→ **EXERCISE INSTRUCTIONS**: After removing every image, reproduce the data exactly as it appears.
*** Block opens ***
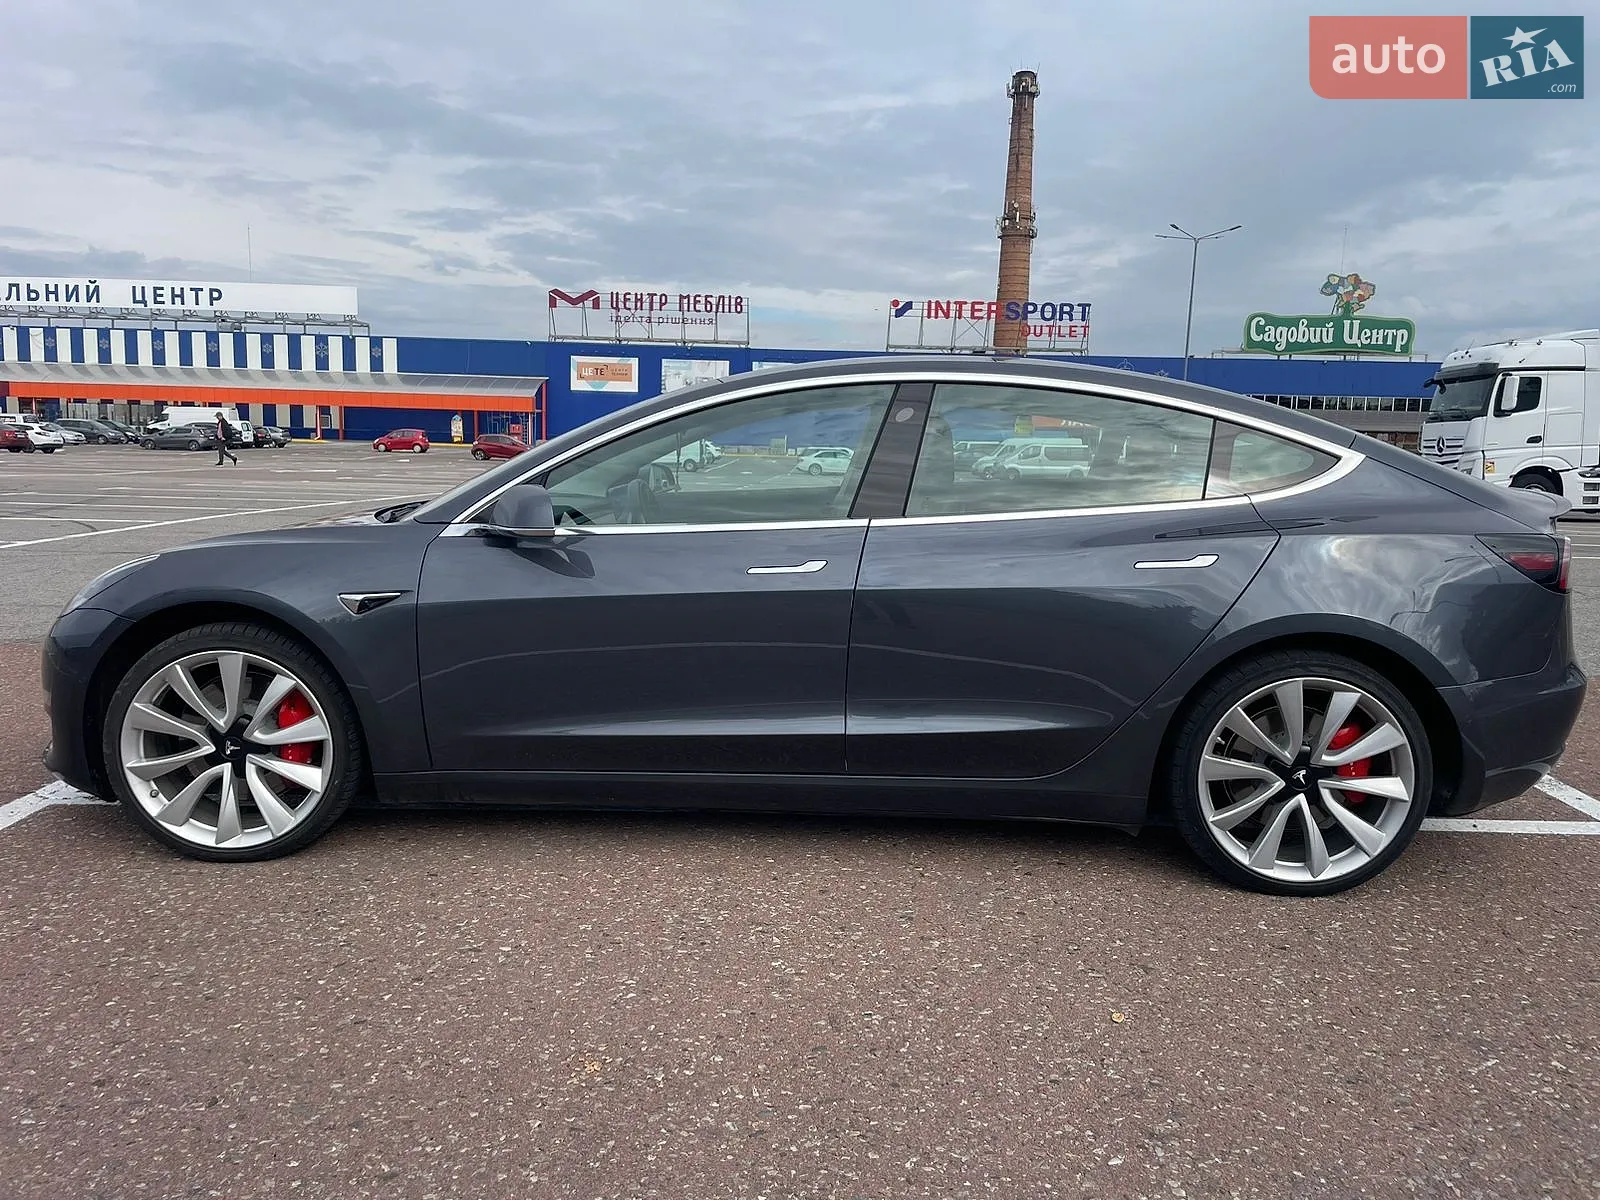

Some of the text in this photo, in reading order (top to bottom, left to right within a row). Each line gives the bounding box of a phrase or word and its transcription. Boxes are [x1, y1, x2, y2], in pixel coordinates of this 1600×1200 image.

[5, 280, 223, 307] ЛЬНИЙ ЦЕНТР
[610, 291, 743, 314] ЦЕНТР МЕБЛІВ
[926, 299, 1092, 322] INTERSPORT
[1020, 324, 1090, 338] OUTLET
[1249, 316, 1409, 352] Садовий Центр
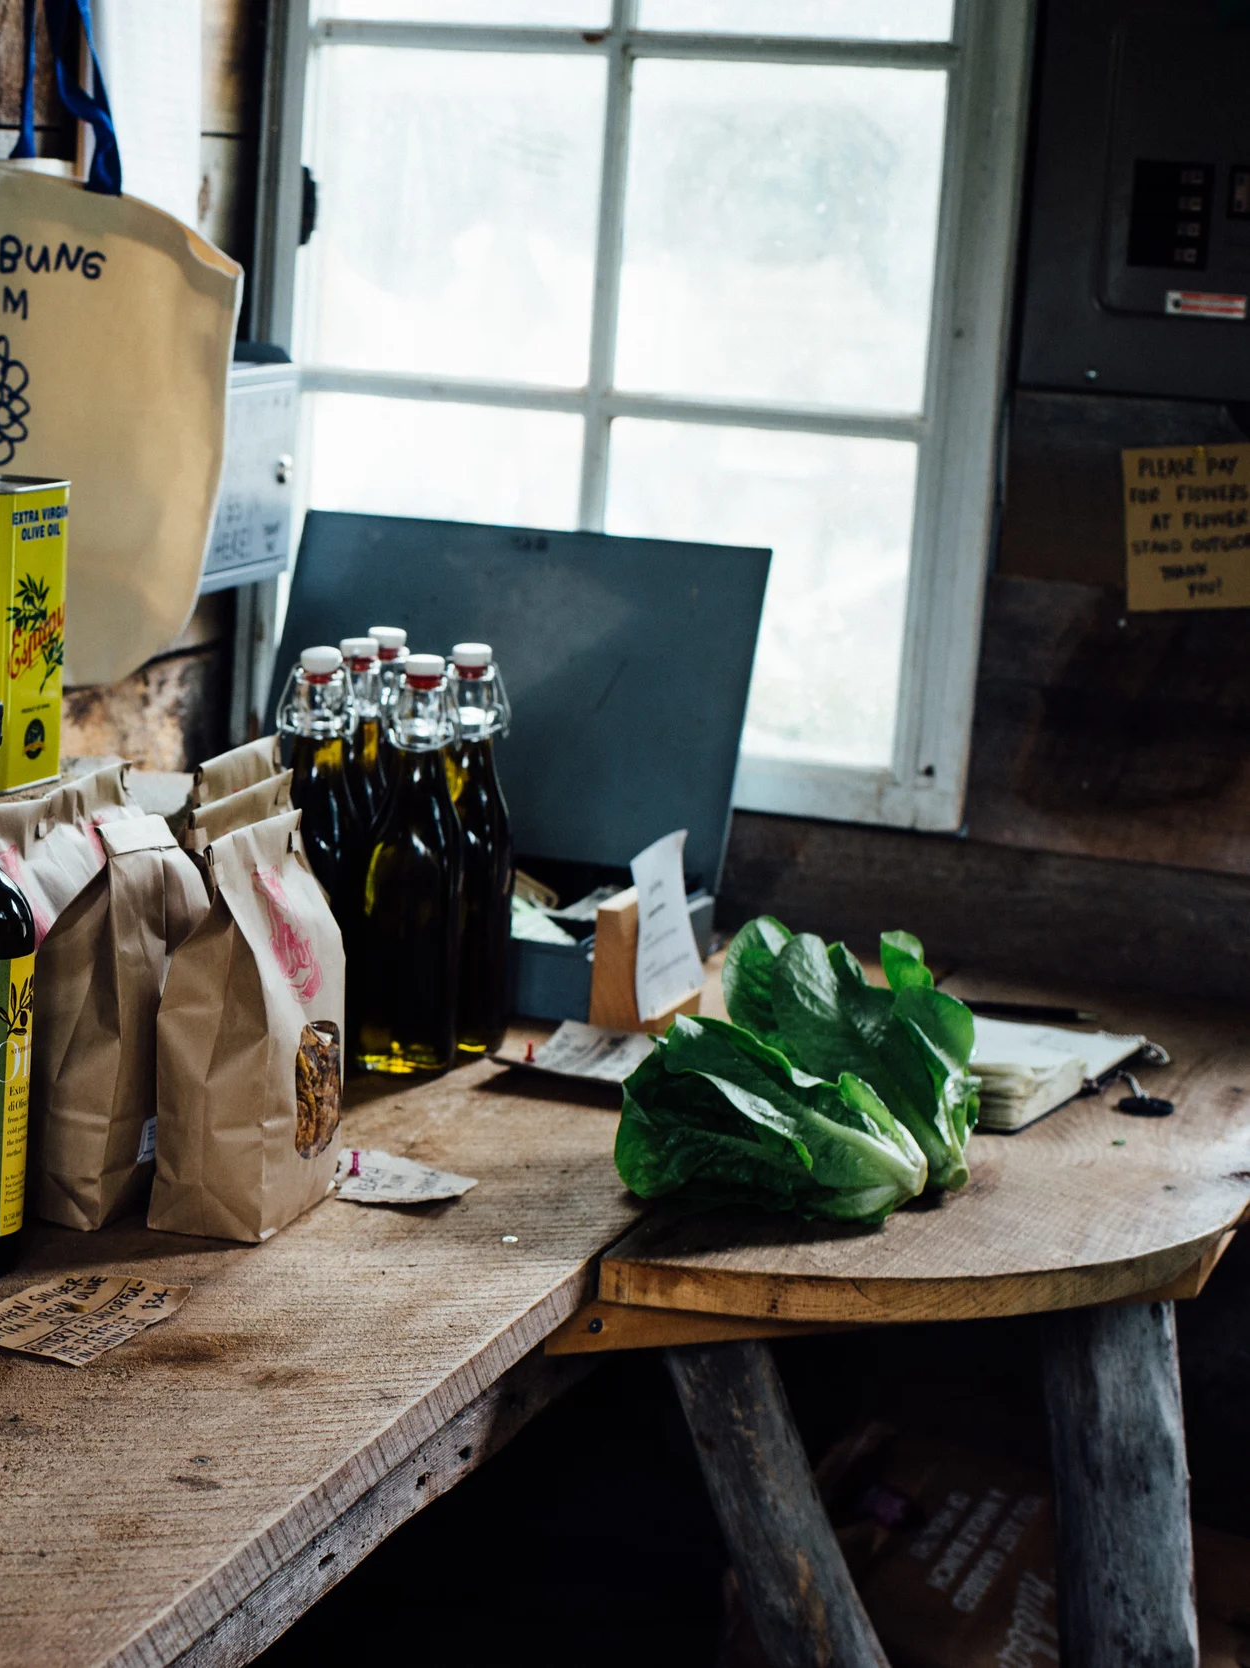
*** Block closes ***
→ **RESULT OF THIS EXERCISE**:
Some of the text in this photo, in reading order (top to bottom, left to right within a row). Each line gives the bounding box of a phrase or word and its transcription. Boxes are [x1, y1, x2, y2], in pixel coordinates of this 1600×1200 image.

[5, 280, 223, 307] ЛЬНИЙ ЦЕНТР
[610, 291, 743, 314] ЦЕНТР МЕБЛІВ
[926, 299, 1092, 322] INTERSPORT
[1020, 324, 1090, 338] OUTLET
[1249, 316, 1409, 352] Садовий Центр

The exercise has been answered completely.